Drs. Singhal and Hendricks compared the financial performance of nearly 600 quality award winning firms against a control sample of firms similar in size and operating in the same industries. Both groups were tracked over a five year period starting one year before to four years after the award winners won their first award. The award winners averaged significantly larger increases in several measures of financial performance than the control group (Figure 1). Award winners experienced a 44% higher stock price return, a 48% higher growth in operating income and 37% higher growth in sales compared to the control group. Award winners also outperformed the controls on return on sales, growth in employees, and growth in assets.

One interesting finding was that firms who win state awards (such as the Georgia Oglethorpe Award) or other independent quality awards, experienced better results than those winning supplier awards only (Figure 2). After adjusting for the performance of the controls, the independent award winners averaged a 61% increase in stock returns, 73% increase in operating income, 33% increase in sales, 17% increase in return on sales, 25% increase in employment and 49% increase in assets - all of which are well above the increases experienced by firms winning supplier awards only.
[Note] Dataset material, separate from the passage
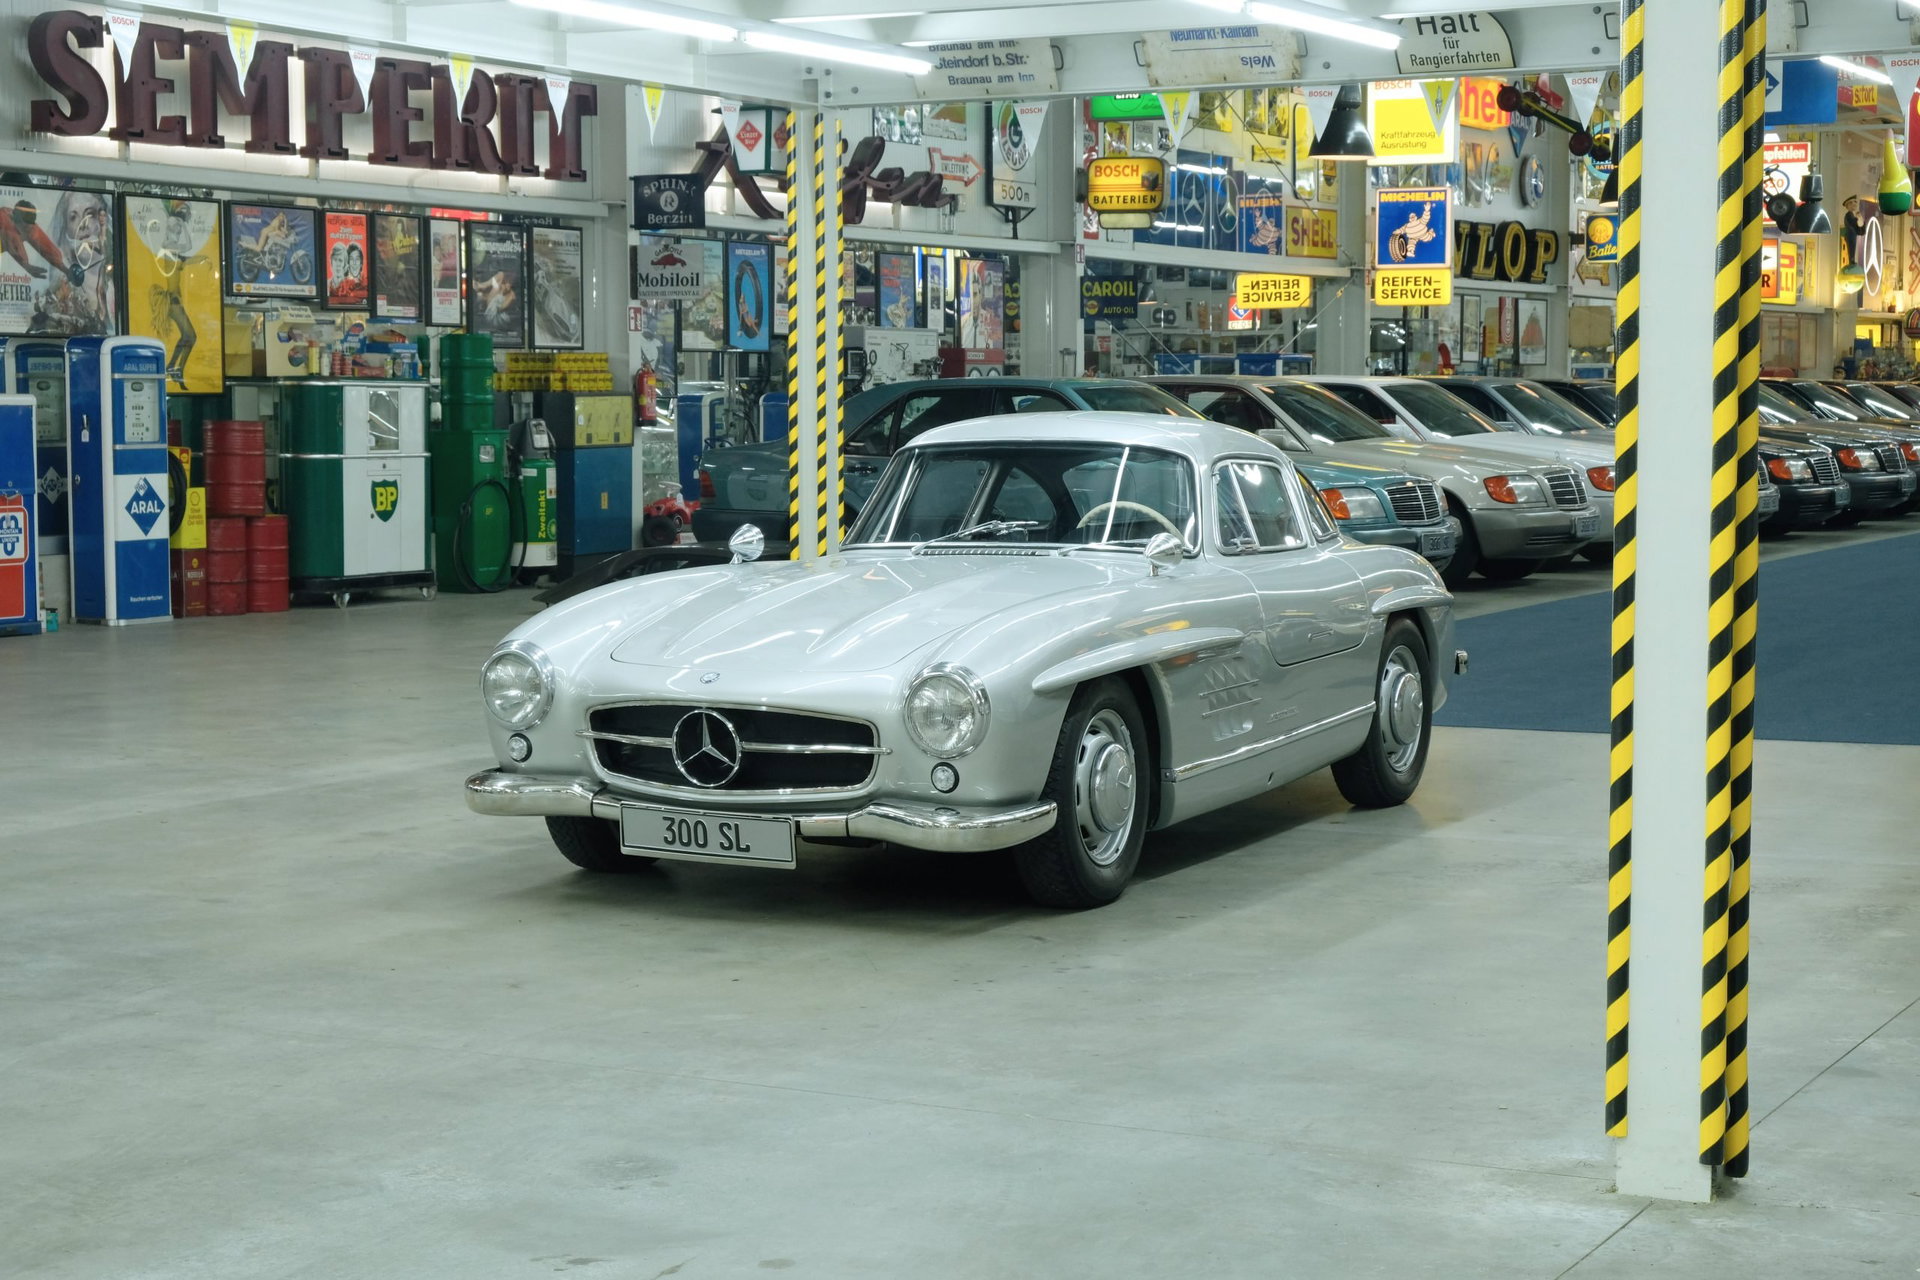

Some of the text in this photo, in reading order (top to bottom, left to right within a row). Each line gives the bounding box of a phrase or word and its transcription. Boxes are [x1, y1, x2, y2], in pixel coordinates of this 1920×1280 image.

This evidence provides a compelling case for why firms should use criteria such as the Georgia Oglethorpe Award for planning, training and assessment, and why various state and federal agencies should support such award initiatives.

There is a common perception among smaller firms that performance excellence are more applicable to larger firms. The findings indicate that this perception may not be true. After adjusting for the performance of the controls, smaller award winners averaged a 63% increase in operating income, 39% increase in sales, 17% increase in return on sales, 21% increase in employment, and 42% increase in assets - all of which are well above the increases experienced by the larger award winners (Figure 3). Similarly the findings indicated that lower capital intensive award winners do significantly better than higher capital intensive award winners (Figure 4).

In summary, the results of this study indicated that effective adoption of performance excellence principles embedded in various quality award criteria do make good economic s ense. To obtain a copy of this study contact Dr. Vinod Singhal at (404) - 894 - 4908, e-mail: vinod.singhal@mgt.gatech.edu. To obtain a copy of the Georgia Oglethorpe Award Criteria and/or more information about the award itself, please contact the Georgia Oglethorpe award office at 404-651-8405.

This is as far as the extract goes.